Where things can start to get really messy, however, is if you fall victim to tax-related identity theft. If someone manages to steal your ID and uses your Social Security number to subsequently claim your tax refund then it can cause all sorts of issues, not least of which will be your ability to pay back taxes. A disappearing tax refund isn’t just about the money though; it’s also about the hassle factor.

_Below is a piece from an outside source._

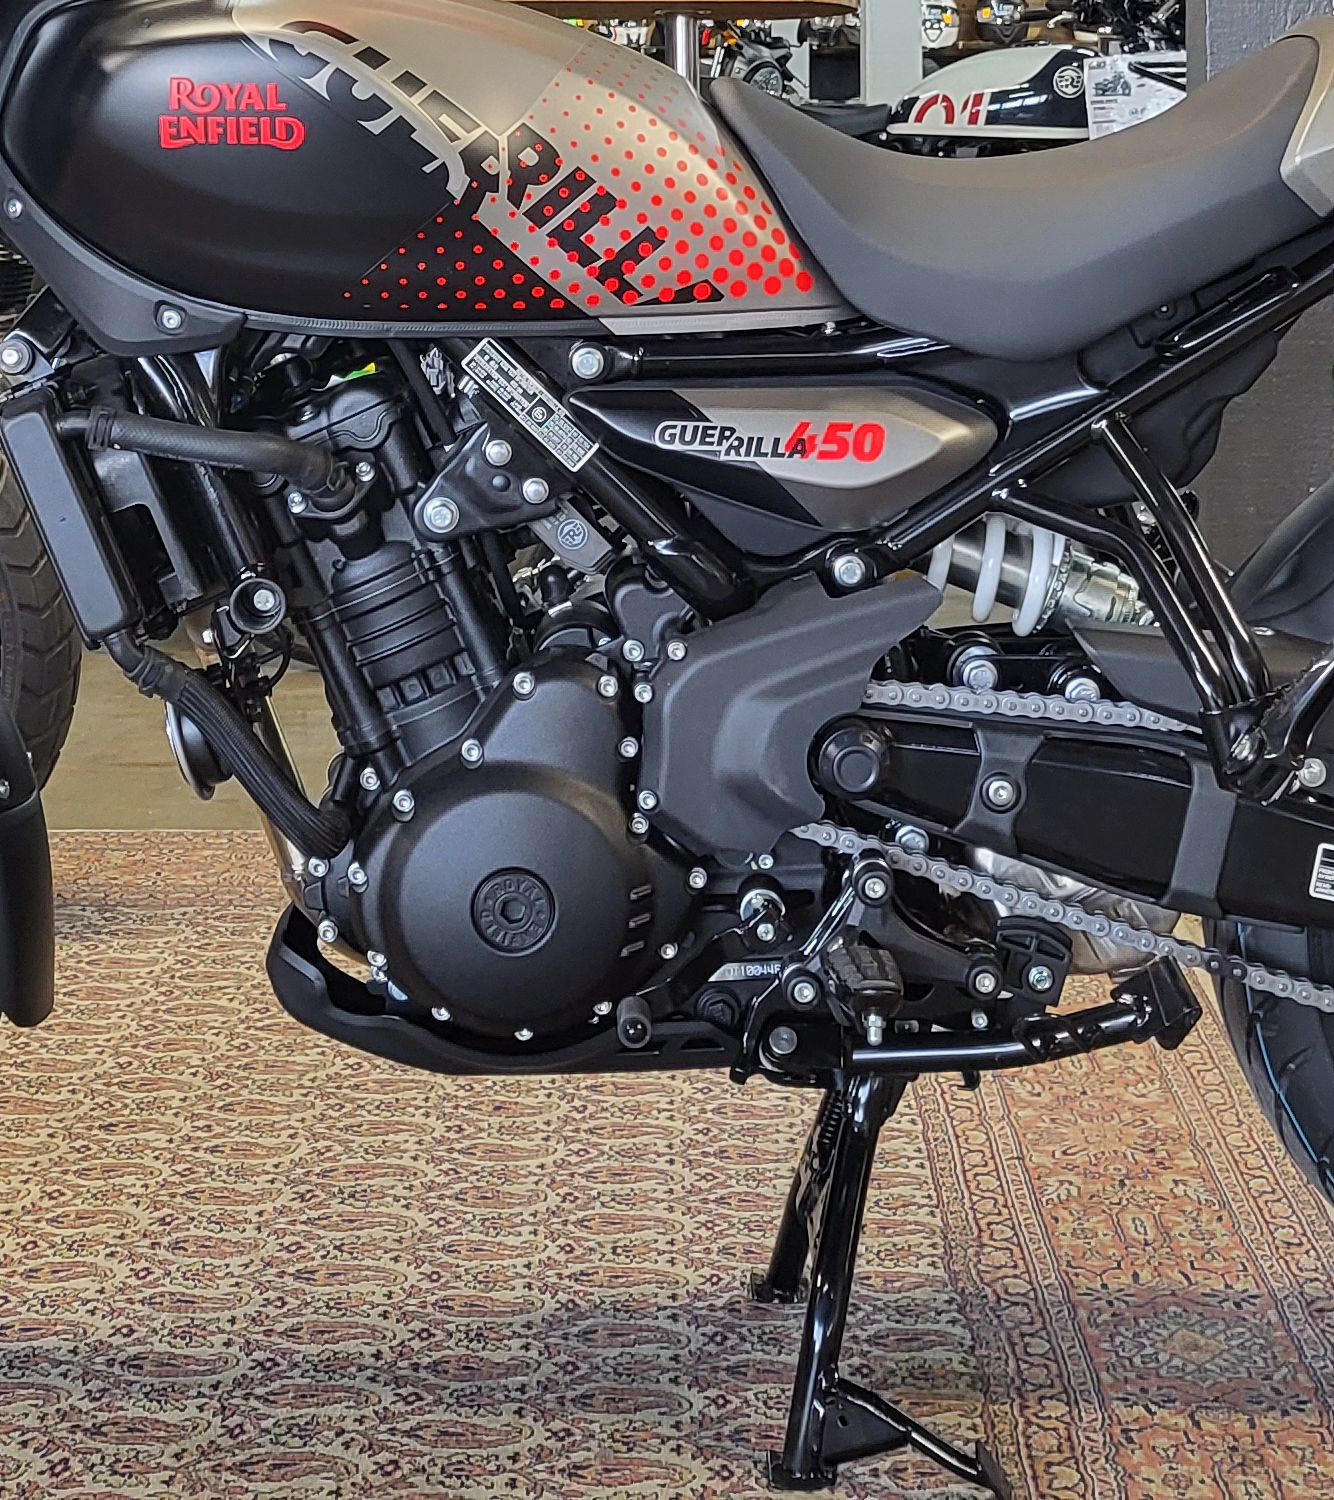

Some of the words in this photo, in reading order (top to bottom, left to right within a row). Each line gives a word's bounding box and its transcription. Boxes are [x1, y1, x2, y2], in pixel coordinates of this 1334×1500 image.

[168, 76, 288, 113] ROYAL
[158, 113, 305, 151] ENFIELD
[783, 421, 886, 463] 450

So, how best to fend off those ID tax-fraudsters who are clamouring after your tax return information? Here’s a selection of practical tips that will help you minimize the threat, although keep in mind that even with the best advice and by taking plenty of preventative measures we’re all still susceptible to the risks.
Social Security card
It may sound pretty obvious but keeping your Social Security card in a safe place is paramount, and leaving it at home if you can makes a lot of sense. This is especially so if you’re travelling, but even heading out to the local mall with your Social Security card in your wallet can present opportunistic thieves with a chance to get at your details.
Identity theft invariably involves a stolen Social Security number or SSN, which both the IRS and state tax authorities use for identifying millions of Americans. Therefore, if a thief can get their hands on your SSN then it could allow them to file a fraudulent tax return before you do. That could also mean they’ll get their hands on your tax refund.

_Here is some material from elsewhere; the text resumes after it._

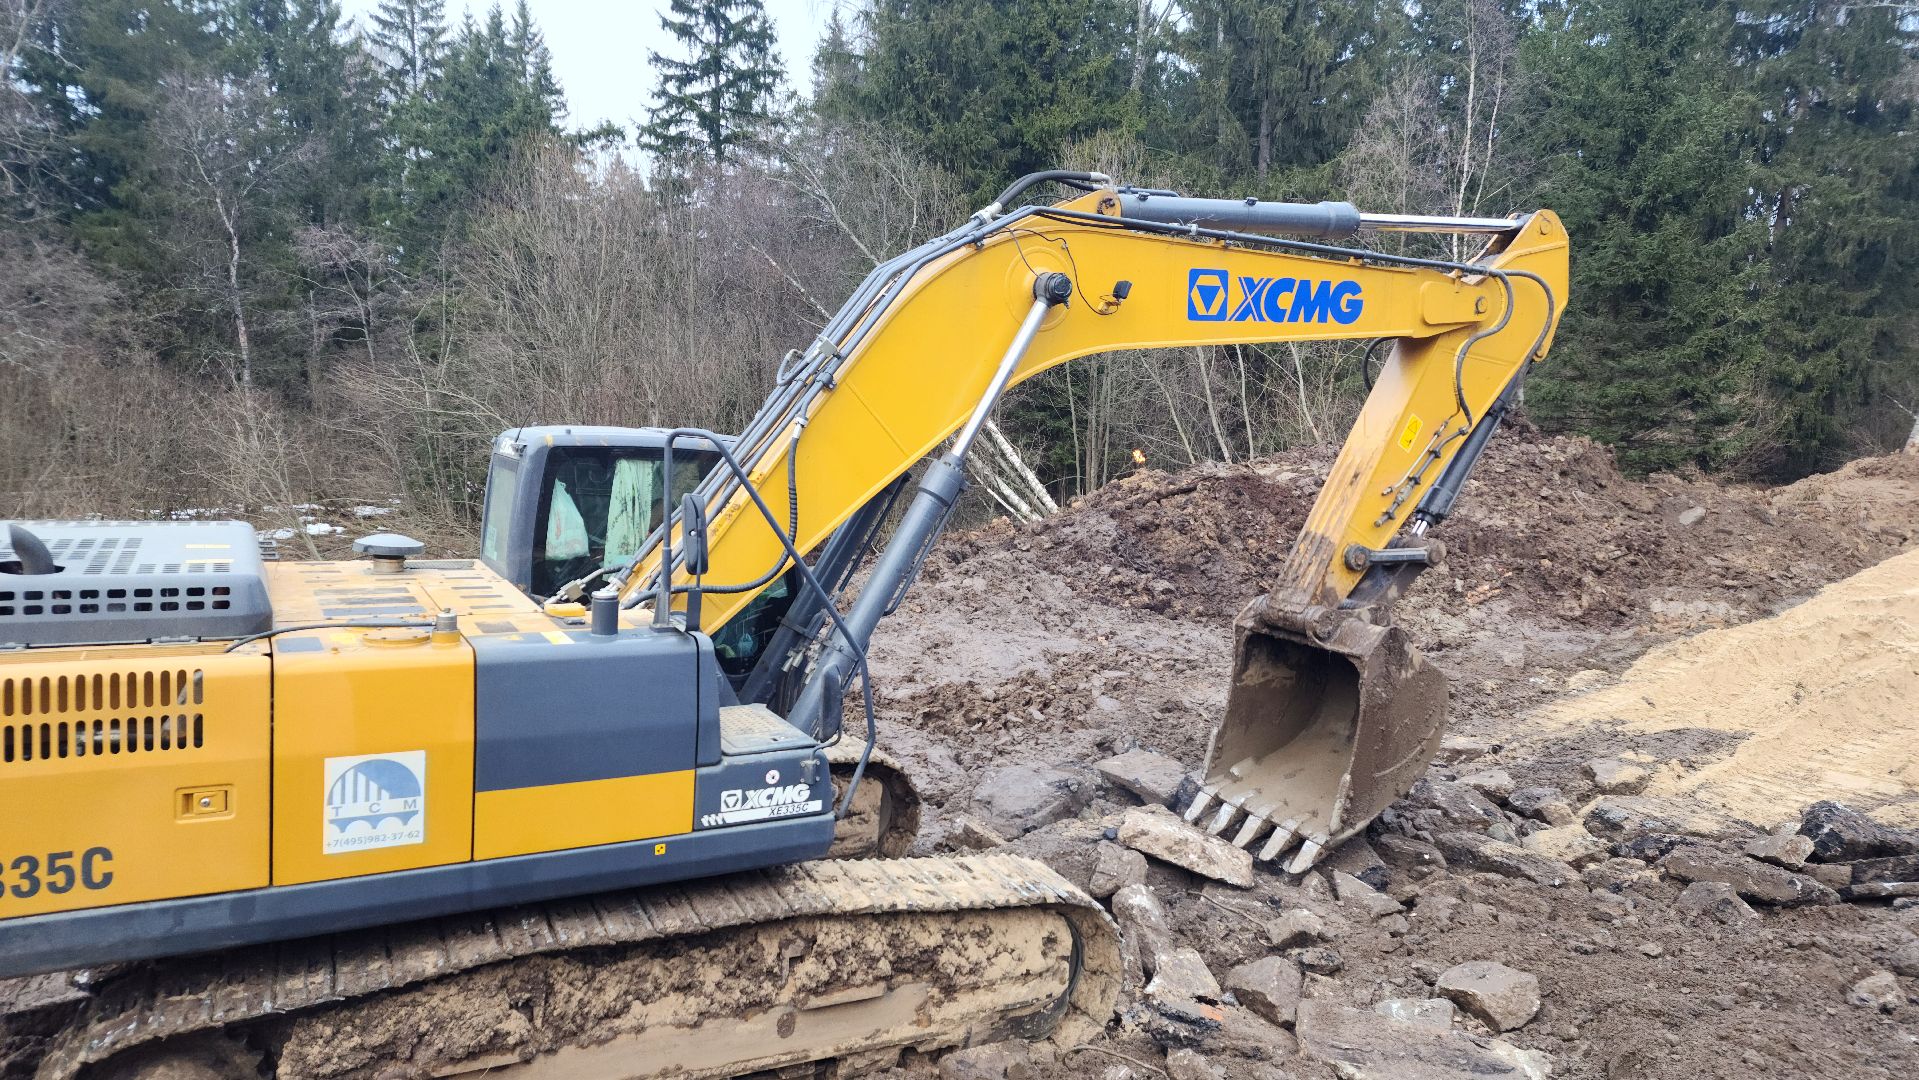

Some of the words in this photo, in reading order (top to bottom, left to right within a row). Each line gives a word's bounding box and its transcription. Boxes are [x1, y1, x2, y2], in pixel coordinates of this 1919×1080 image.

[1227, 276, 1364, 325] XCMG
[741, 783, 811, 810] XCMG
[768, 802, 809, 817] XE335C
[0, 846, 114, 899] 35C

Not sharing your Social Security number with others is also similarly vital. If you’re online a lot and someone asks for it via an email then make sure that you’re giving it to a dependable source. You’ll also want to make sure that you scrutinize your Social Security Administration statement to ensure that all of the details listed on it are correct. If you notice anything untoward then you’ll need to contact the IRS as soon as possible.
It goes without saying that you’ll also want to double down on your password security. We all tend to have multiple password requirements these days, so a password manager is a good idea. Ultimately, you’ll want to have the best selection possible for anything related to your accounting, taxpaying and other personal account affairs such as online banking.
It’s easy to become complacent about security, but one wrong move could grant access to fraudsters and ID thieves. No matter what computer, laptop or mobile device you use it’s vital to ensure you’ve got adequate spam and antivirus protection. Investing a little on having adequate annual protection can be money well spent if it helps prevent ID theft.
Remember also to either remove or wipe the data from any old phones, laptops or computers you might be getting rid of. The same goes for things like USB sticks, memory cards and storage drives. We’ve all popped information onto external media, often when we’re searching for a quick place to store something. If this includes documents relating to your personal affairs then you’ll want to make sure it’s erased before you get rid of it, or pass it on to another owner.
If you always tend to do a double-take if you spot an email that supposedly comes from the IRS or a bank you do business with then you’re not alone. Phishing attacks are on the increase and fake emails posing as a tax department or financial institution are commonplace. More often than not, these will be phishing attempts aimed at getting hold of your Social Security number, or bank account details along with passwords and anything else criminals can purloin. Crucially, however, the IRS will not contact you in this way but will send you a letter in the mail.
While most of us have moved over to digital communications there’s still a lot of unavoidable paperwork involved in relation to our personal affairs. It’s one thing to try and stay organised, keeping tax and accounts information together but you’ll also need to be sure that you correctly dispose of anything that might not be needed anymore. It’s therefore a good idea to invest in a quality shredder. Simply screwing up unwanted paperwork into a ball and tossing it into the trash is not a good idea.
Junk mail isn’t always just unwanted post that clutters up your mailbox. If you get regular mail that wants to entice you with the latest credit card deals then take measures to have yourself removed from mailing lists. While pre-approved credit card offers can seem like a good idea they could also be an effective way of fraudsters getting hold of your personal details. Take preventative measures by being taken off unwanted credit card solicitation databases and be sure to shred any existing ones.
Even going down the simple route of investing in a locking mailbox can help reduce the chances of fraudsters picking through your postal communications. Mail can often contain information, sometimes in dribs and drabs, but which can be used together to create a profile of you and your bigger personal picture. Reduce the ability for ID thieves to pick over your details by stopping them looking at mail in the first place. It’s an easy fix.
Unfortunately, no matter how vigilant we are in combating ID theft, it does still happen. If you think that you might be a victim of fraudsters, or you suspect there is illegal activity taking place that might involve use of your Social Security number you’ll need to contact the IRS. They have IRS Form 14049, the Identity Theft Affidavit, designed specially with this in mind.